I have just finished a campaign and it truly was the best of times. Effective, impactful and persuasive, it was a belter to work on.
But today we have the worst of times and that is because we are in the evaluation phase.
Thanks to the wonderful world of media evaluation, I now know that regional radio carries more weight than say CNBC, and that a major piece in the Financial Times is worth about seven hundred and fifty quid.
Zut alors, mon Dieu! Is this what our profession has been reduced to? Is influence now just a series of beans to be counted, and is the effectiveness of a campaign to be measured by some wannabe accountant who brings the finesse of a slaughterhouse to the subtle art of persuasion.
The enemy at the gates is that wonderful invention, Advertising Value Equivalency (AVE). As crude a measurement as you could hope to invent, it provides you with the comparable rates of ads and in so doing robs many campaigns of their meaning and real influence.
The most frustrating aspect of all of this is that this debate seems to have been going on for as long as I can remember. I first got into PR in 1998 and then, all the talk was that AVE was a blunt instrument delivering no real insight. In fact, for all I know, the Victorians were probably having the same debate at the time of Dickens.
Today, it’s Groundhog Day all over again. It seems unbelievable that in 2011 some of the industry’s flagship campaigns are still measured using AVE. Is this really the best we can do?
Now don’t get me wrong. This is not an assassination attempt on evaluation it is more an appeal for an intelligent and sophisticated evolution of it. By doing so it can play its part, as it should do, in assessing the value of public relations action and its influence over behaviour.
The appeal of evaluation is based on a sound enough principle. If you can’t put a value on your service then you may as well not do it. In the USA they call this ‘dollarizing’.

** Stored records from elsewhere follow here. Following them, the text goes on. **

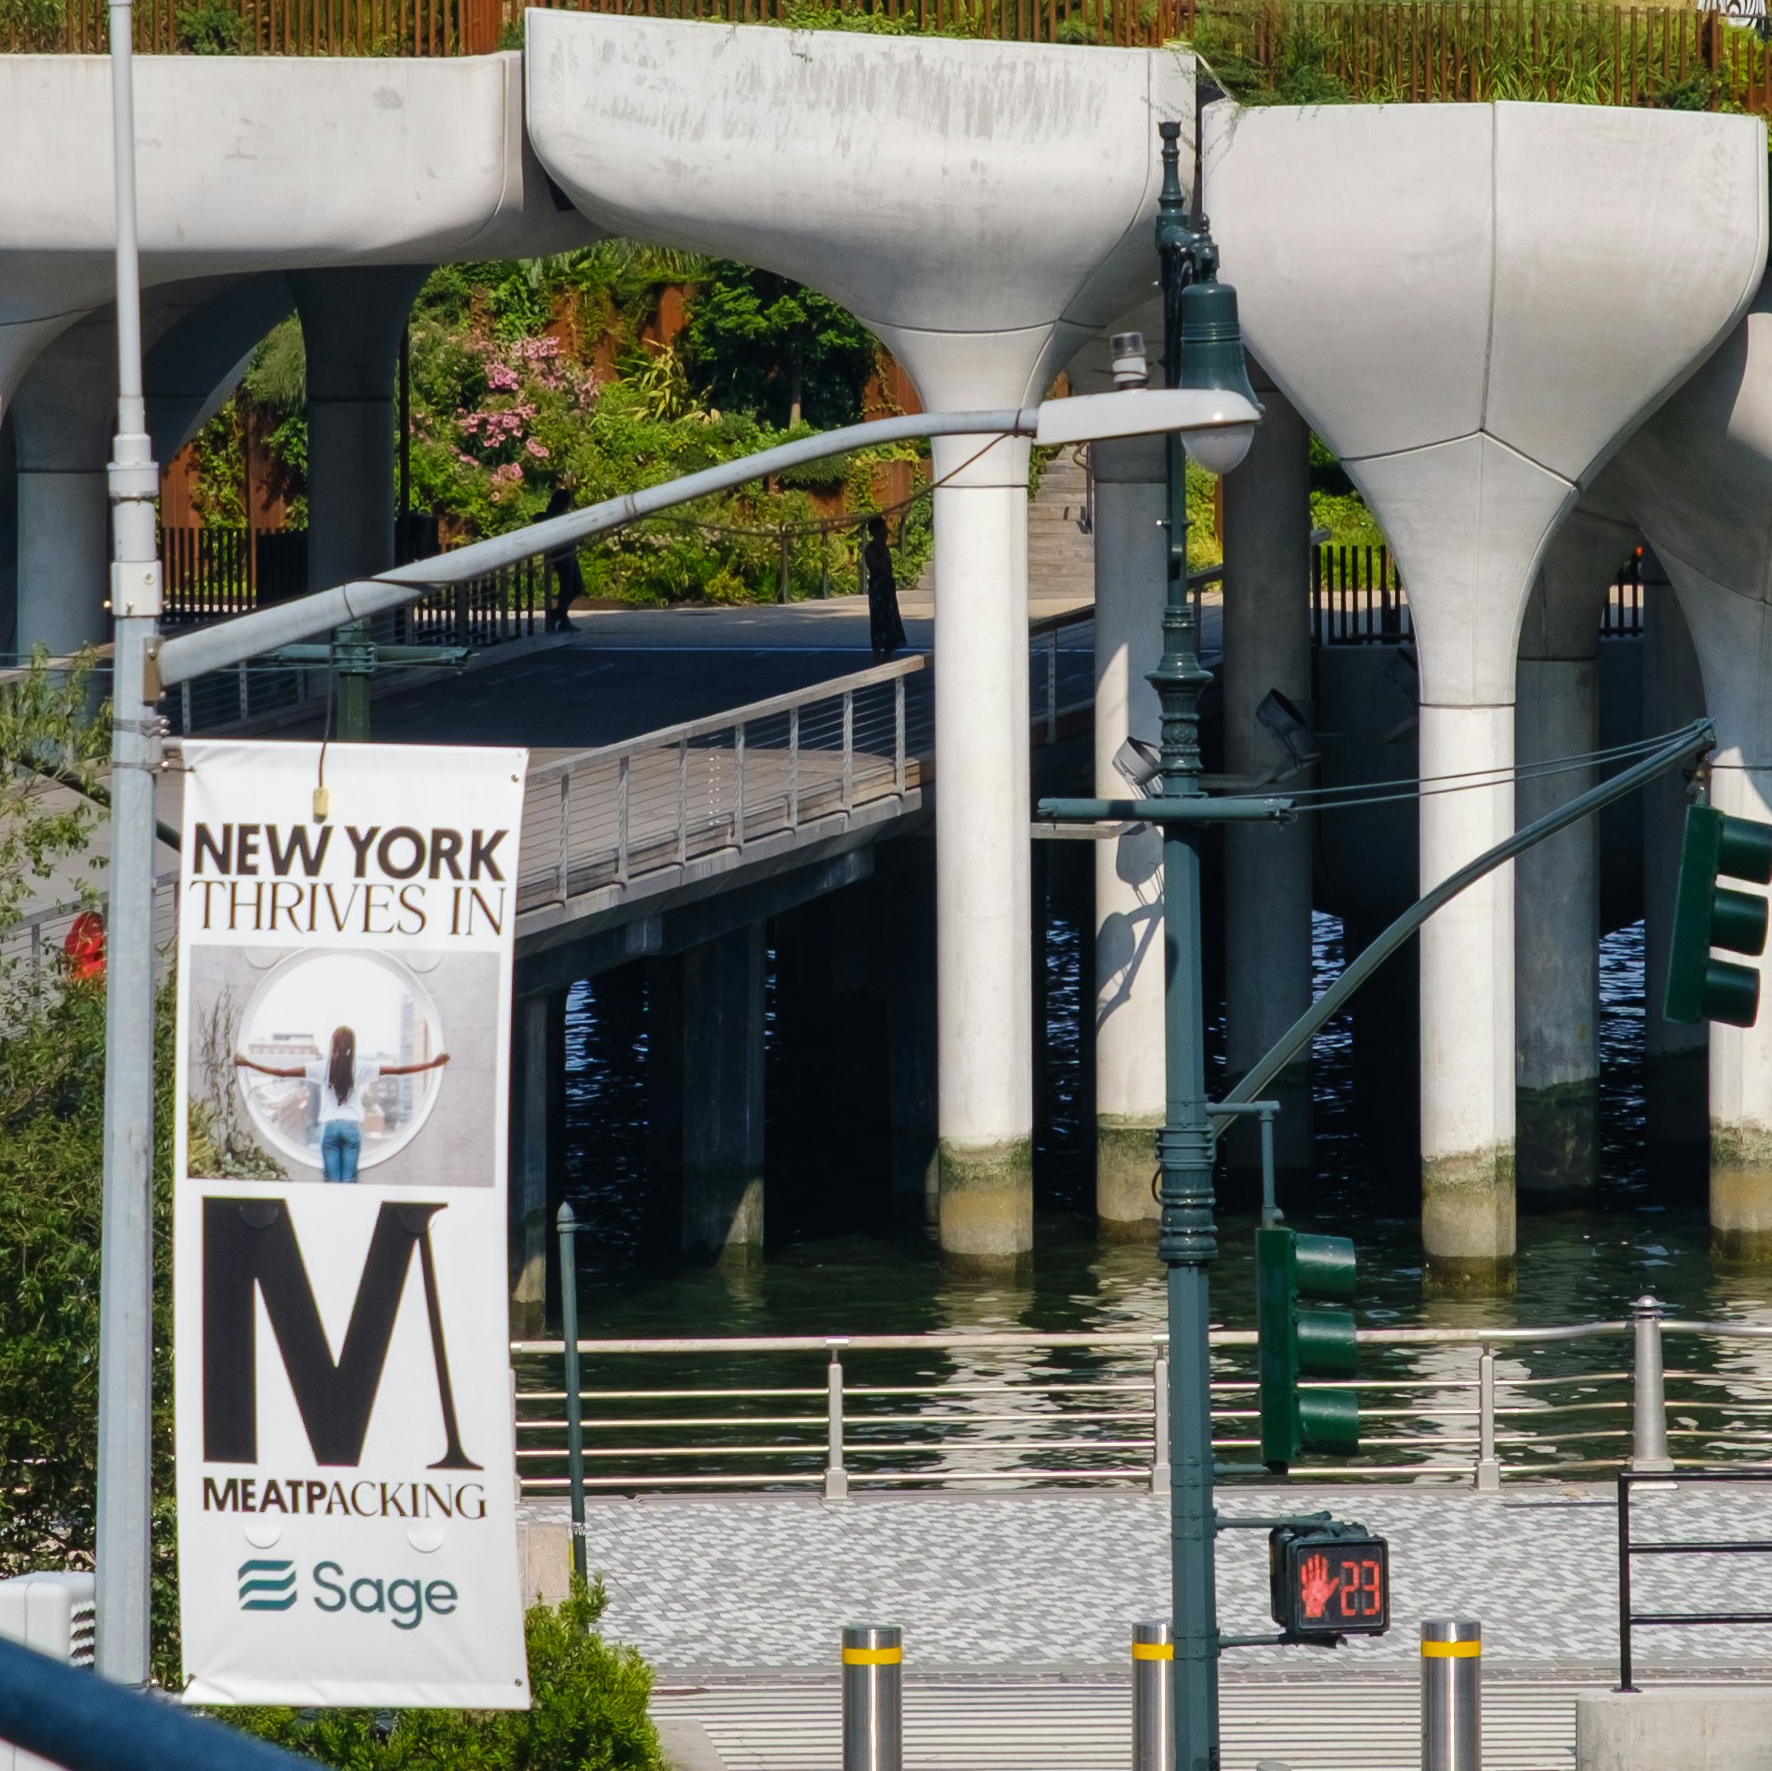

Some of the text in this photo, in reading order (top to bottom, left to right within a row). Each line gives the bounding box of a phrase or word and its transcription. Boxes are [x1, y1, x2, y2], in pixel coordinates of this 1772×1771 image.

[193, 822, 510, 881] NEW YORK
[188, 880, 507, 936] THRIVES IN
[202, 1196, 485, 1471] M
[202, 1476, 489, 1520] MEATPACKING
[312, 1560, 459, 1630] Sage
[1340, 1560, 1381, 1617] 23

In turn, the importance of intangible assets, like brand, identity and reputation, have risen to such a degree in the valuing of businesses that you can’t allow it to continue as the unregulated Wild West of the commercial world.
The Institute of Practitioners in Advertising believes that 78% of the value of the Fortune 500 can be put down to intangible assets. Just take a moment to reconsider that figure. Put it another way, what a company does is not anywhere near as important as what people think about it. You have to evaluate that.

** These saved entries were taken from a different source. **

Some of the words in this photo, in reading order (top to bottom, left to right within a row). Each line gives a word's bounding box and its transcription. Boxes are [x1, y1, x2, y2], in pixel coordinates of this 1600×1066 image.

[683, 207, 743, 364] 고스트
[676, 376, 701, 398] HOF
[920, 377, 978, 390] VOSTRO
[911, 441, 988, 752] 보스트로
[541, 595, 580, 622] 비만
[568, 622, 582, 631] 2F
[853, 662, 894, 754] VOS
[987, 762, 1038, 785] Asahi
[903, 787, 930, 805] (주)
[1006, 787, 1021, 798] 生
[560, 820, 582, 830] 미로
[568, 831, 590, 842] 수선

So, I understand why as an industry there is an onus on us to bottle the magic and put a price on the value of what we do. The problem is that we have, largely speaking, approached it in a pedestrian way.
Perhaps one of the most persuasive answers I heard to the question of how do you know if PR is working was “because you feel it.” This was not from some novice but one of the big players in the industry.
The immediate response to a point like this is that it is a cop out. But I would urge you to wait a moment.
To my mind, the ‘feeling’ is about ‘influence’ and ‘persuasion’. You feel it because someone is doing something differently as a result of your actions.
So, my frustration at such a low value being assigned to say an article in the Financial Times is that it misses the point. The publication does not reach everyone but it might just reach, and disproportionately change, the feelings of the people that matter to you.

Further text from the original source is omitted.